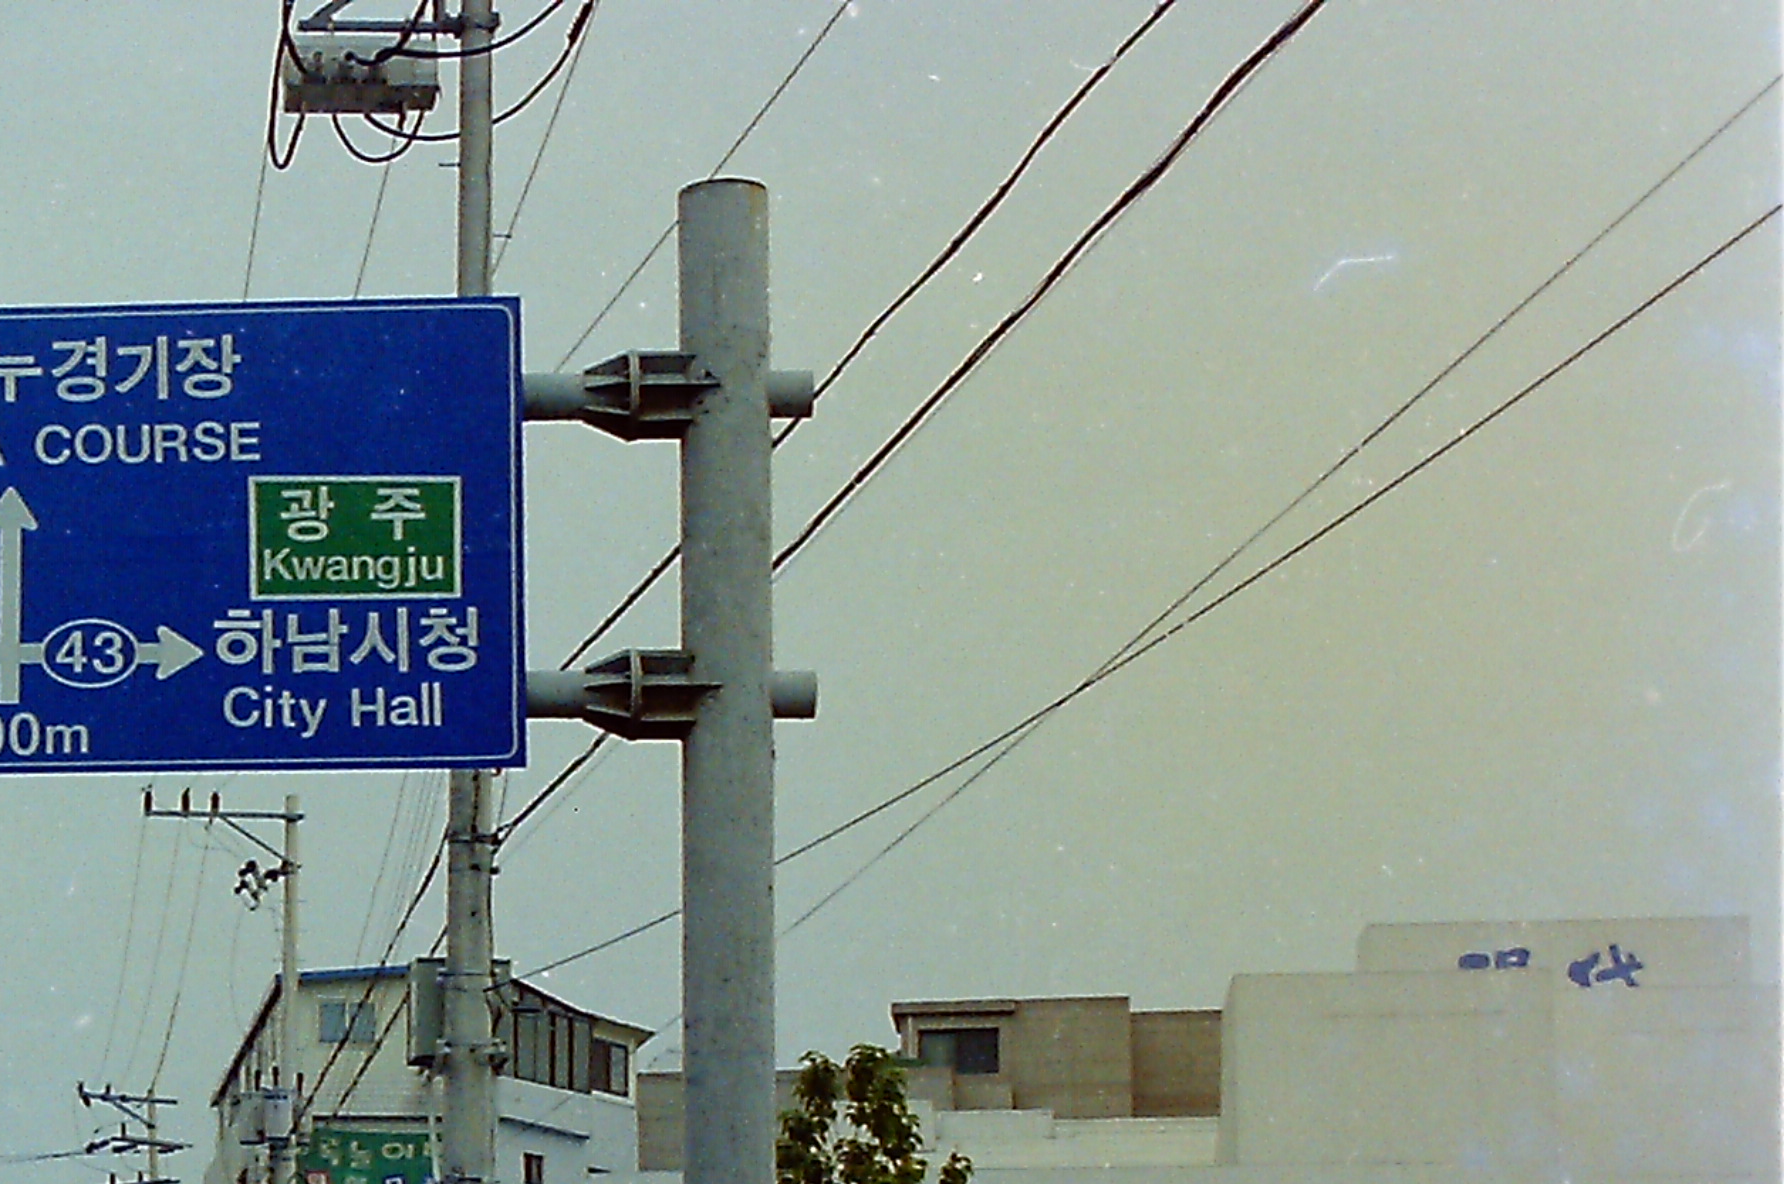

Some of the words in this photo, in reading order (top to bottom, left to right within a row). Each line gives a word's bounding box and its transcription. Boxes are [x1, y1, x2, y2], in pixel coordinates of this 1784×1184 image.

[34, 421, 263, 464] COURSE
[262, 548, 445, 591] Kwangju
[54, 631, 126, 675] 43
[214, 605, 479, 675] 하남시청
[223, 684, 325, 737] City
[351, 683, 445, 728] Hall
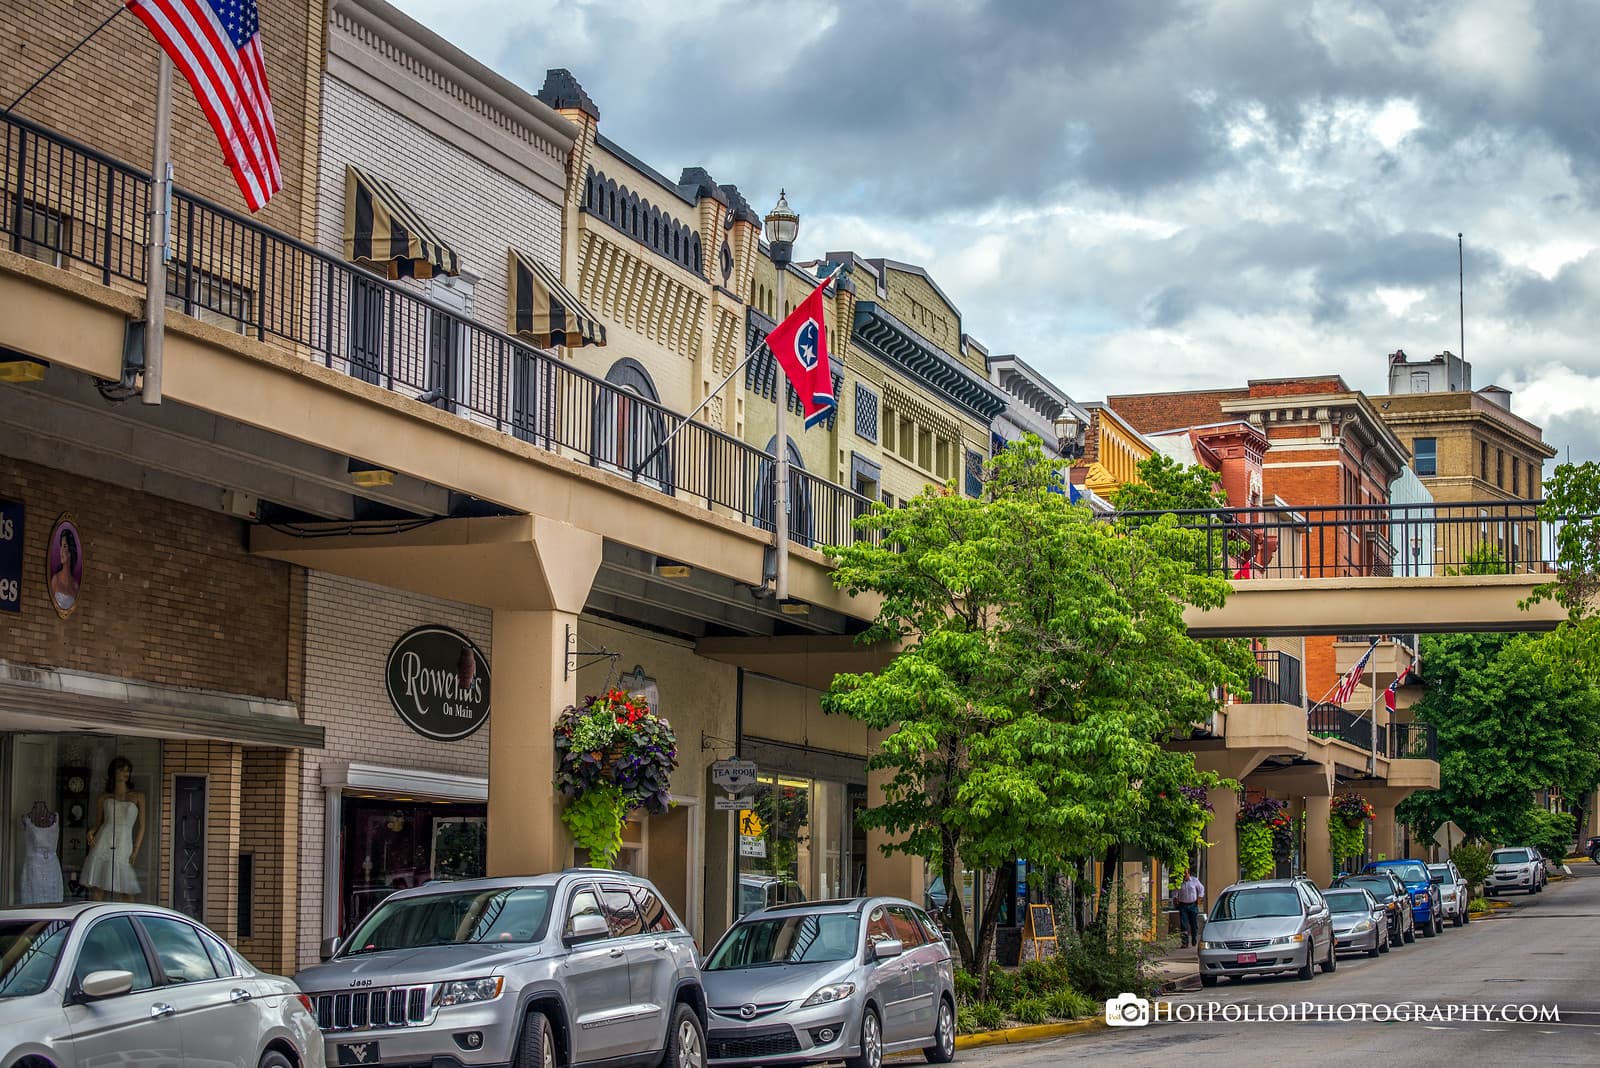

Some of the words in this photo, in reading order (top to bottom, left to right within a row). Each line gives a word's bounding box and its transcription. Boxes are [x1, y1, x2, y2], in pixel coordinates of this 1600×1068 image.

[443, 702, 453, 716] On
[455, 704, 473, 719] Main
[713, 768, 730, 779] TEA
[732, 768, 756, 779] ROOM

=======

A faithful copy of all the data above is required, printed exactly and with no pictures.

Some of the words in this photo, in reading order (top to bottom, left to right within a row). Each line gives a word's bounding box and its transcription. Boxes are [x1, y1, x2, y2], in pixel coordinates of this 1784×1184 image.

[34, 421, 263, 464] COURSE
[262, 548, 445, 591] Kwangju
[54, 631, 126, 675] 43
[214, 605, 479, 675] 하남시청
[223, 684, 325, 737] City
[351, 683, 445, 728] Hall

Some of the words in this photo, in reading order (top to bottom, left to right within a row). Each line gives a word's bounding box and its transcription. Boxes are [x1, y1, x2, y2], in pixel coordinates of this 1600×1068 image.

[443, 702, 453, 716] On
[455, 704, 473, 719] Main
[713, 768, 730, 779] TEA
[732, 768, 756, 779] ROOM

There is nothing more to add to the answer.